A pesquisa detalhou os projetos elaborados especificamente para cada estádio, com base nos pré-requisitos definidos pela Fifa. (Imagem: Portal 2014)

O estudo “Estádios Solares Opção Sustentável para a Copa de 2014 no Brasil” tem como objetivo fornecer informações atualizadas sobre os projetos Estádios Solares, com estimativas de potência instalada e de custos de instalação dos sistemas de captação de energia solar.

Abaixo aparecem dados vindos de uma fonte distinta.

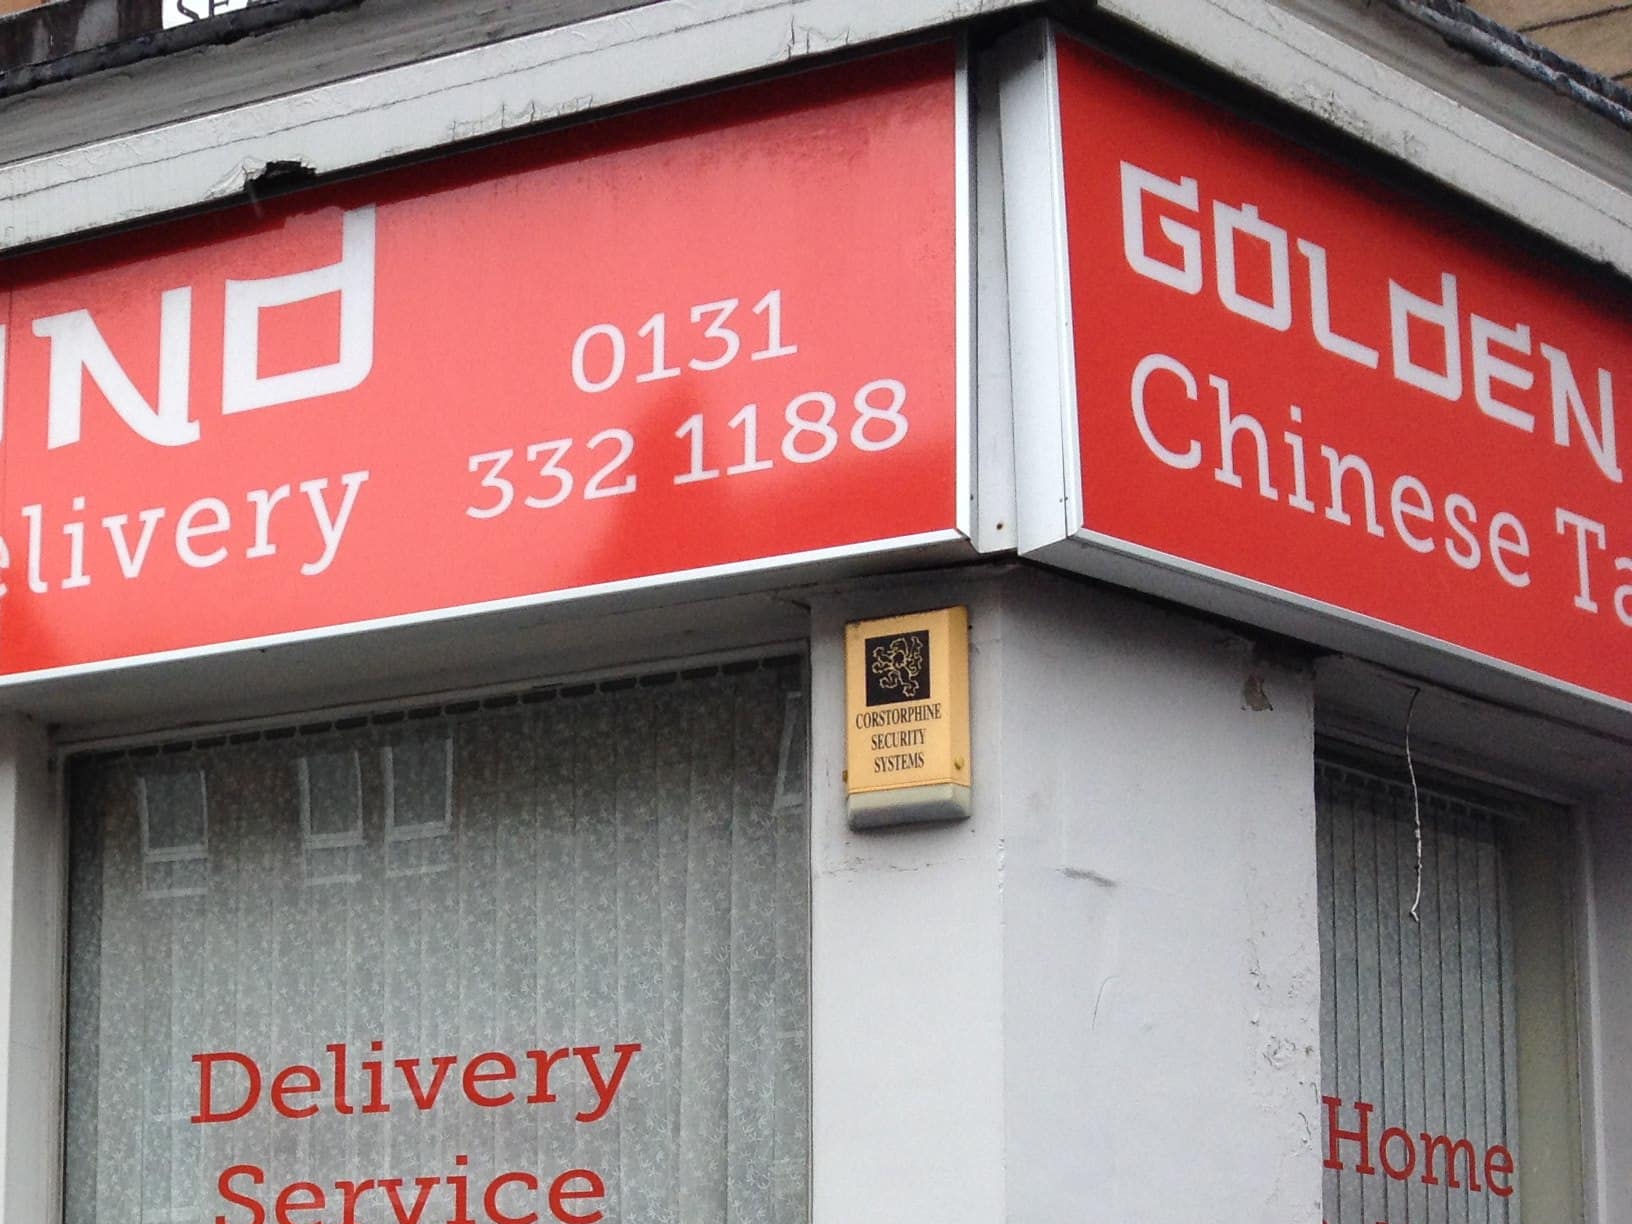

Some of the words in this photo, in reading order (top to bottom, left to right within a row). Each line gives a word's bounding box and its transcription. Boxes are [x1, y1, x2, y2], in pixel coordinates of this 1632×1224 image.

Além de incentivar o uso dessa tecnologia para o evento esportivo, os autores acreditam que através dessa iniciativa a busca por alternativas limpas de obtenção de energia possa se popularizar no Brasil.

A pesquisa detalhou os projetos elaborados especificamente para cada estádio, com base nos pré-requisitos definidos pela Fifa. Foram colocados os gastos e o potencial energético de cada uma das construções, adaptando-os às necessidades de cada região.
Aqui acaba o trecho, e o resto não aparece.